Directed Purinergic Signaling as Immunotherapy in Leukemia
Robson, Simon C.    Avigan, David E.   
Beth Israel Deaconess Medical Center, Boston, MA, United States

Acute Myeloid Leukemia (AML) is a lethal hematological malignancy, for which chemotherapy is rarely curative. Tumor heterogeneity results in significant plasticity and the emergence of chemotherapy resistant clones that also escape immune clearance. Dendritic cells may be fused with patient derived AML or other tumor cells to generate experimental vaccines. These have demonstrable efficacy in murine models of syngeneic TIB-49 murine AML leukemic engraftment; as well as in early clinical studies.
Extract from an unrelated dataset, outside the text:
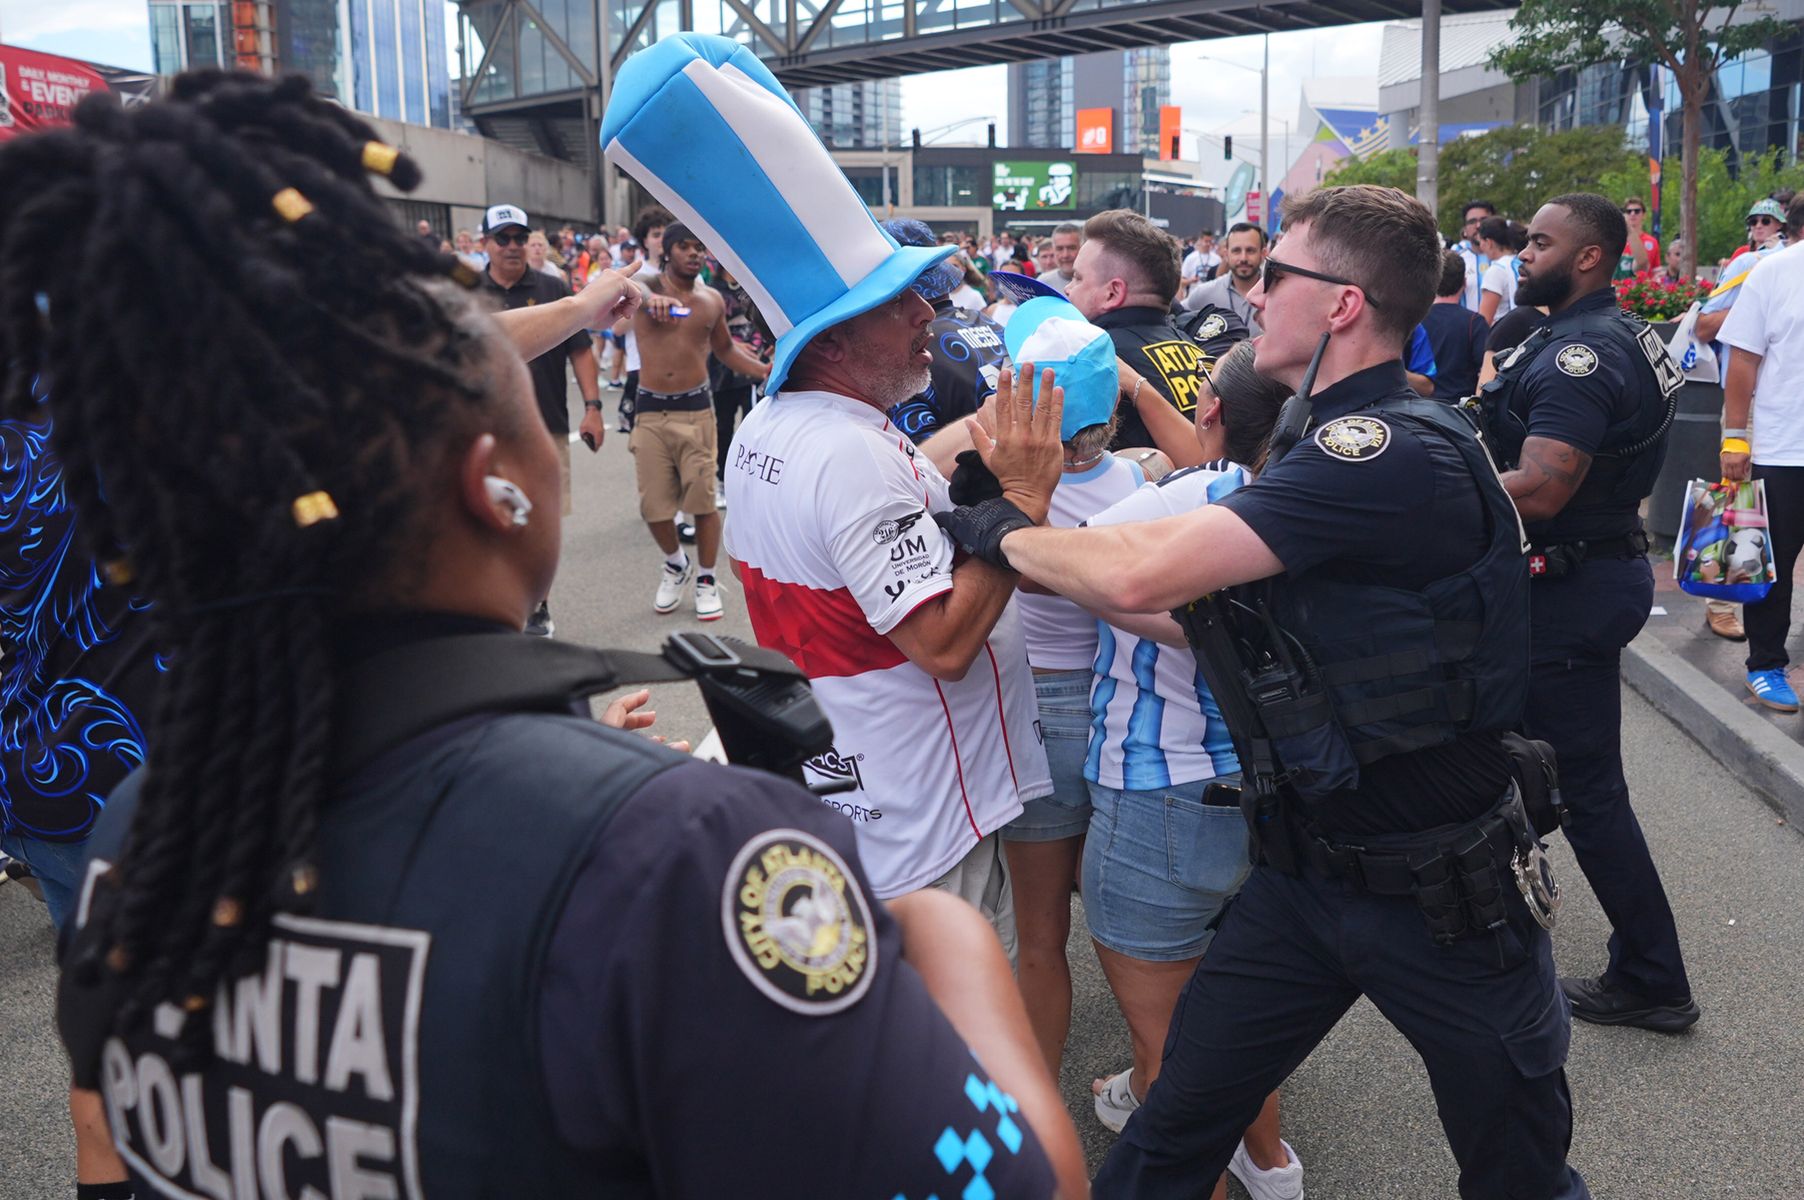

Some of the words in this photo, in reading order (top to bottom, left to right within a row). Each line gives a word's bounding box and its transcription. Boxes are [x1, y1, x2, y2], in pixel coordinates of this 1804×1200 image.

[1321, 436, 1361, 457] POLICE
[890, 534, 927, 562] UM
[102, 1036, 399, 1200] POLICE
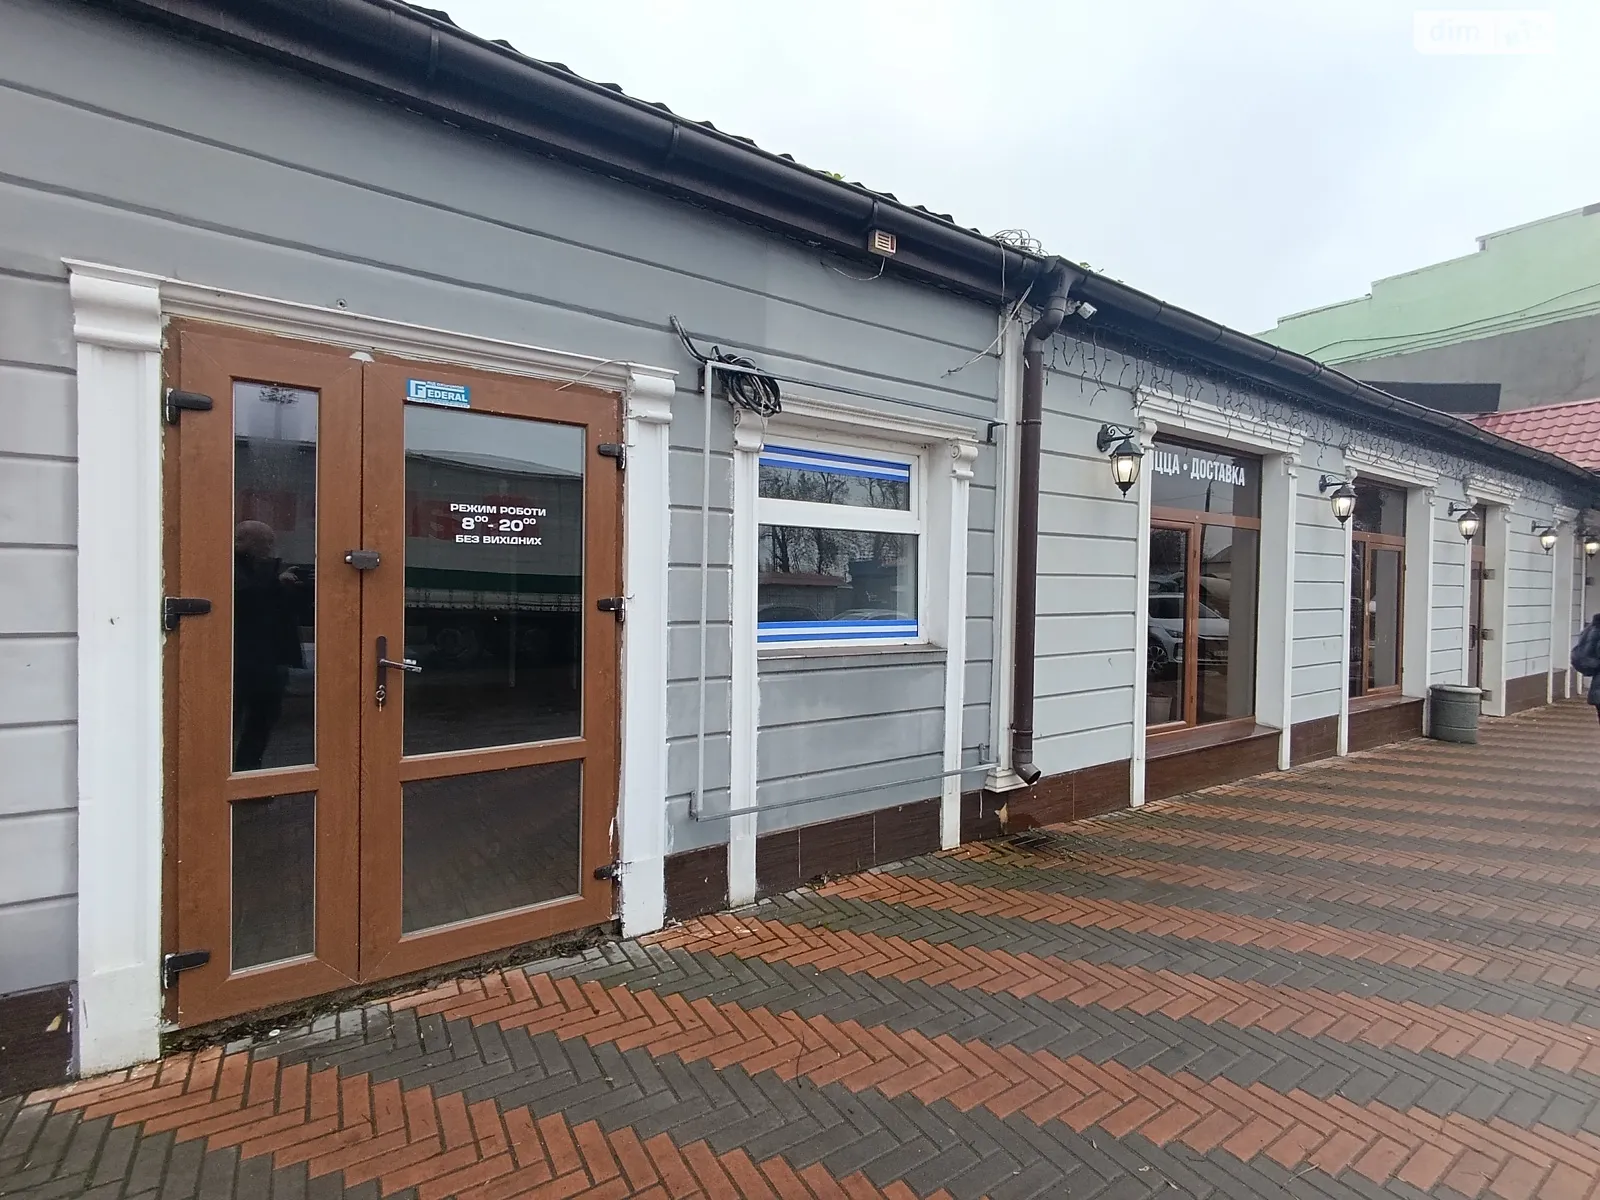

Our goal is to further enhance fusion vaccine efficacy to create durable clinical responses. This proposal is directed at correction of the immunosuppressive milieu characteristic of the tumor microenvironment. Extracellular adenosine generated by the ectonucleotidase CD39 is a newly recognized ?immune checkpoint? that interferes with immune responses to hematological malignancy. We will test whether anti-CD39 and re-directing purinergic signaling alters immunometabolism in models of AML, without predisposing to autoimmune reactions and other toxicity. We will then study how modifications of current reagents might deplete Tregs, via antibody-directed cellular cytotoxicity (ADCC), thereby further eliciting rejection of AML cells in vivo. Hypothesis: Antibodies to CD39 act as immune checkpoint inhibitors, deplete T regulatory cells and boost effects of DC/AML immunization in AML.
SPECIFIC AIM 1 : Determine whether anti-CD39 monoclonal antibodies boost immune responses in concert with DC immunization. We will direct purinergic elements of immune responses by infusions of anti- CD39 and study direct impacts on leukemia cells as well as immune responses to TIB-49 H-2b plus CRL-1838 and TIB-68 H-2d cells in syngeneic mouse models of AML. We will also define immunostimulatory and autoimmune effects in current DC/AML vaccination strategies.
SPECIFIC AIM 2 : Develop derivatives of anti-CD39 5F2-mIgG1 and mIgG2c to neutralize ectonucleotidase activity and deplete T regulatory cells in AML in vivo. We will modify and refine the available anti-CD39 mAb by isotype switch and generation of afucosyl derivatives, to impede ATP scavenging, potentially target leukemia cells, deplete Tregs, and prevent adenosine production in the proposed models of AML. The derived data will help in identifying optimal therapeutic purinergic-based regimens for immunotherapeutics of leukemia. Our studies have the potential for immediate translation. The biological reagents we are developing and testing could guide therapeutic trials in humans.

Public Health Relevance

We will test whether innovative anti-CD39 reagents re-purpose purinergic signaling to correct the immunosuppressive tumor microenvironment seen in acute myeloid leukemia. Modification of anti-CD39 will be attempted to cause depletion of T regulatory cells to further elicit potent tumor rejection. At the conclusion of this work, we will have identified optimal therapeutic anti-CD39 regimens to boost purinergic immune responses in leukemia that could be immediately translated and tested in clinical studies.